Using edible plants in the yard isn't complicated, and it doesn't have to be difficult or stressful. Yard space can be converted a little at a time, tree by tree, and bush by bush until it is an integrated food landscape.
The Benefits of an Edible Garden Landscape
Cost: Let's be honest; lawns are expensive to maintain. Fertilizing, watering, and frequent mowing don't just require significant amounts of money; they also take a lot of time. Imagine not having to mow the lawn every week!
Many homeowners outsource these tasks to lawn care companies because they take so much time and effort. All that mowing and maintaining adds up! An edible landscape reduces these costs considerably.
Health: Eating better starts at home, literally. Children are more likely to eat fruits and vegetables if they grow them. Grocery stores disconnect us from our food sources, and many children today have no idea where or how vegetables come from or how they are grown.
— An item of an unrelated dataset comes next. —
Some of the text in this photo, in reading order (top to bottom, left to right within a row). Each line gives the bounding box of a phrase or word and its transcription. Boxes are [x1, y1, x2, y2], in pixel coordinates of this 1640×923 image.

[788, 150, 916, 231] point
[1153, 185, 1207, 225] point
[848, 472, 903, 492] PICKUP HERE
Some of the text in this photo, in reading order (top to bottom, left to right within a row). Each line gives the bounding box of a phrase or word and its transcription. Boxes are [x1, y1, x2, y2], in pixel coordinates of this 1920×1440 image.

Environment: Lawns remove natural ecosystems and replace them with unnatural homogeneous ones. The natural world suffers exponentially when we remove micro-ecosystems in favor of sterile, unproductive lands. The most notable species that suffer are pollinators and wildlife that rely on plants as food sources and require variety.
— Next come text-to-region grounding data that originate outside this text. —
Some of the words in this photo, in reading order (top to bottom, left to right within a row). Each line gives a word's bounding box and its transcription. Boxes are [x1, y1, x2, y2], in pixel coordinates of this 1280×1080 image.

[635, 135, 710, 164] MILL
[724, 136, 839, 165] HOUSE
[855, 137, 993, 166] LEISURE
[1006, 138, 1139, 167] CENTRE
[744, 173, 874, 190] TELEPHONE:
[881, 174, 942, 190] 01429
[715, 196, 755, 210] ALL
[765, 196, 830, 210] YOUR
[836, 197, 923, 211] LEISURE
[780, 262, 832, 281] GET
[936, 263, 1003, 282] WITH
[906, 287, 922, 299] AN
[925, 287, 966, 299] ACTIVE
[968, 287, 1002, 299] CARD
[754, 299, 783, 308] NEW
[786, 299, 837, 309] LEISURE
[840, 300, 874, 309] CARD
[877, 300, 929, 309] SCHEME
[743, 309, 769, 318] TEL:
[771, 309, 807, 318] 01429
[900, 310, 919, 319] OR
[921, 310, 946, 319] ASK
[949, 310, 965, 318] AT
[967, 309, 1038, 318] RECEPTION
Return on Investment: A lawn is an ideal space for kids to play and dogs to run around, but rarely are they used to their full potential. There is value in open spaces.
But, for most families, the yard is not fully utilized. And, the cost of maintaining the lawn stays the same regardless of use. On the other hand, an edible landscape provides food for the family; that's a money saver!
An edible landscape doesn't have to use the entire lawn, either. If open space is essential, it can be incorporated into the design, so there is open space and an edible landscape. The two ideas are not mutually exclusive.
Food Security: The world food supply chain is shaky and highly susceptible to climate change, environmental issues, and various other unpredictable reasons. As we've discovered in recent times, food scarcity can be a significant issue even in first-world countries.
Time: Since edible landscapes incorporate trees, bushes, and perennial plants, once the space is established, it needs minimal care.